Beneficiando-me de cérebros alheios
Produzi um conto unindo pedaços de textos de outros autores com os meus próprios. O que vai abaixo é um esboço do “achado”, e até por isso, insípido, valendo, talvez, pela ideia. Quem sabe não produzo um best-seller, com a necessária originalidade paradoxalmente brotada de uma mente preguiçosa?

1) … CABELOS LONGOS iguais aos que José de Alencar, ao descrever Iracema, dizia serem mais negros que a asa da graúna, levemente ondulados. Batom vermelho-sangue, olhos claros, claríssimos, pele sedosa e alva como a face da manhã, um conjunto de perfeição física… /…Aproximadamente 30/35 anos, nessa fase da vida em que a aura de mistério das mulheres se torna mais irresistível e envolvente. Olhei-a; olhou-me. Senti-a; sentiu-me. Olhares profundos, dos que perpassam a alma. Muito tempo, mais de meia hora, olhos nos olhos, quase sem piscarmos. Viajei; viajou. Adrenalina pura. Limalha e ímã…
2) … SÚBITO UMA MÃO avançou sobre mim … / … Percorreu-me a fronte, os olhos, todo o rosto com doçura. Depois uma boca ávida se colou à minha … / … Minha mão percorreu sua cabeleira com tranças, uma fronte lisa, os olhos de pálpebras fechadas, suaves como amapolas. Minha mão continuou buscando e toquei dois seios grandes e firmes, nádegas amplas e redondas, pernas que me entrelaçavam, e mergulhei os dedos em um púbis como musgo das montanhas…
3) … ESTÁVAMOS FANTÁSTICA e divinamente sós; eu a olhava, rósea, polvilhada de ouro, encoberta pelo véu de meu refreado ardor … / … Tudo agora estava pronto, os nervos do prazer inteiramente expostos. Os corpúsculos de Krause entravam na fase de agitação frenética. A menor pressão seria bastante para abrir todas as portas do paraíso…
4) …MAS NÃO HÁ BEM que sempre dure, nem mal que nunca acabe. Louco de paixão, não percebi com o correr do tempo que a recíproca já não era verdadeira. Meu mundo desmoronou ao descobrir a perfídia: ela tinha outros homens. Uma noite prestei mais atenção naqueles grandes olhos verdes e os vi frios e inexpressivos. Nos lábios carnudos, minha sentença de morte: “está tudo acabado entre nós”, ela decretou. Então, conheci a dor e o desespero…

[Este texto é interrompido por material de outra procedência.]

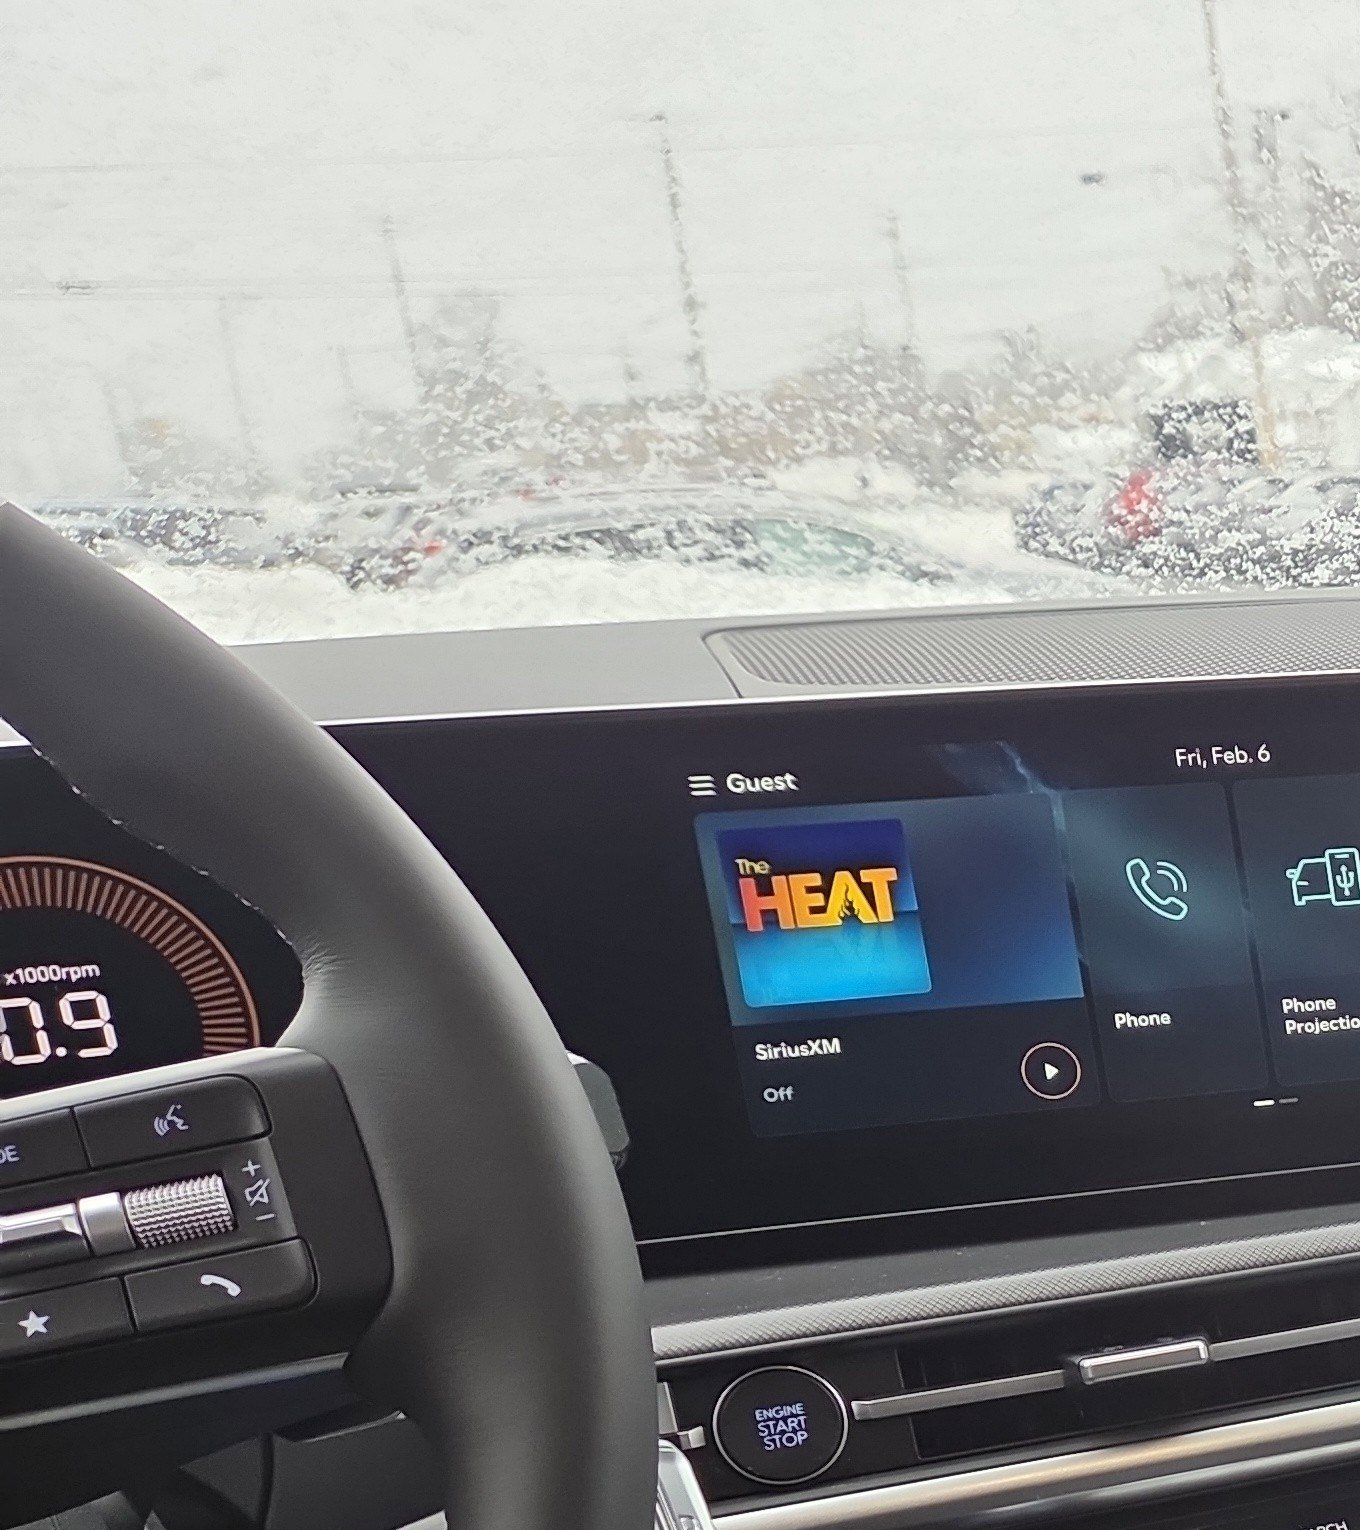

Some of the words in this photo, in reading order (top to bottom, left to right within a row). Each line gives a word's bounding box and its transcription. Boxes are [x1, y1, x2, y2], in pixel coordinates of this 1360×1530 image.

[1175, 747, 1207, 769] Fri,
[1211, 744, 1254, 765] Feb.
[1257, 742, 1271, 763] 6
[726, 772, 799, 794] Guest
[735, 857, 772, 875] The
[738, 866, 898, 932] HEAT
[4, 964, 101, 987] x1000rpm
[1282, 997, 1337, 1014] Phone
[0, 990, 119, 1066] 0.9
[1114, 1011, 1172, 1030] Phone
[755, 1037, 842, 1061] SiriusXM
[763, 1085, 794, 1103] Off
[754, 1402, 806, 1421] ENGINE
[757, 1415, 807, 1437] START
[763, 1430, 809, 1451] STOP

5) … UM DIA — era uma sexta-feira — não pude mais. Certa idéia, que negrejava em mim, abriu as asas e entrou a batê-las de um lado para outro, como fazem as idéias que querem sair…. / … A vida é tão bela que a mesma idéia da morte precisa de vir primeiro a ela, antes de se ver cumprida… / … A idéia saiu finalmente do cérebro. Era noite, e não pude dormir, por mais que a sacudisse de mim. Também nenhuma noite me passou tão curta…
Na manhã seguinte, um amigo escreveu:
6) …DO 86º ANDAR do Empire State Building… / … Robert Irskine olha o cenário vertiginoso… / … Lá embaixo, muito embaixo, a vida passa… / … A vida é tão pequenina que o prodigioso prédio subiu até o céu com todas as suas janelinhas… / … E o jovem Robert Irskine… / … atira um último olhar ao oceano distante, um derradeiro adeus aos arranha-céus vizinhos… / … E por fim, pula no espaço, sem asas e sem paraquedas… / … O que eu mais lamento no seu gesto, ó Robert, é você não ter levado nem um lápis e nem papel para registrar suas impressões de viagem… / … A causa dessa resolução pode ter sido a conta do alfaiate. Mas a culpa pode caber, também, a uma “girl” de olhos tão verdes e tão vagos como o mar contemplado lá de cima. As contas do alfaiate e os olhos verdes sempre perseguiram os homens.
BIBLIOGRAFIA
1) “Encontro” (Um dos meus próprios contos, publicado na Status 168, dezembro/2006).
2) “Confesso que vivi” – Livro autobiográfico do poeta chileno Pablo Neruda.
3) “Lolita” – best-seller de Vladimir Nabokov.
4) Eu de novo.
5) “Dom Casmurro” – Clássico de Machado de Assis.
6) “Suicídio em Nova York” – do bom-jesuense Romeu Couto, uma das 70 crônicas do autor selecionadas por Delton de Mattos e publicadas em livro em 2003.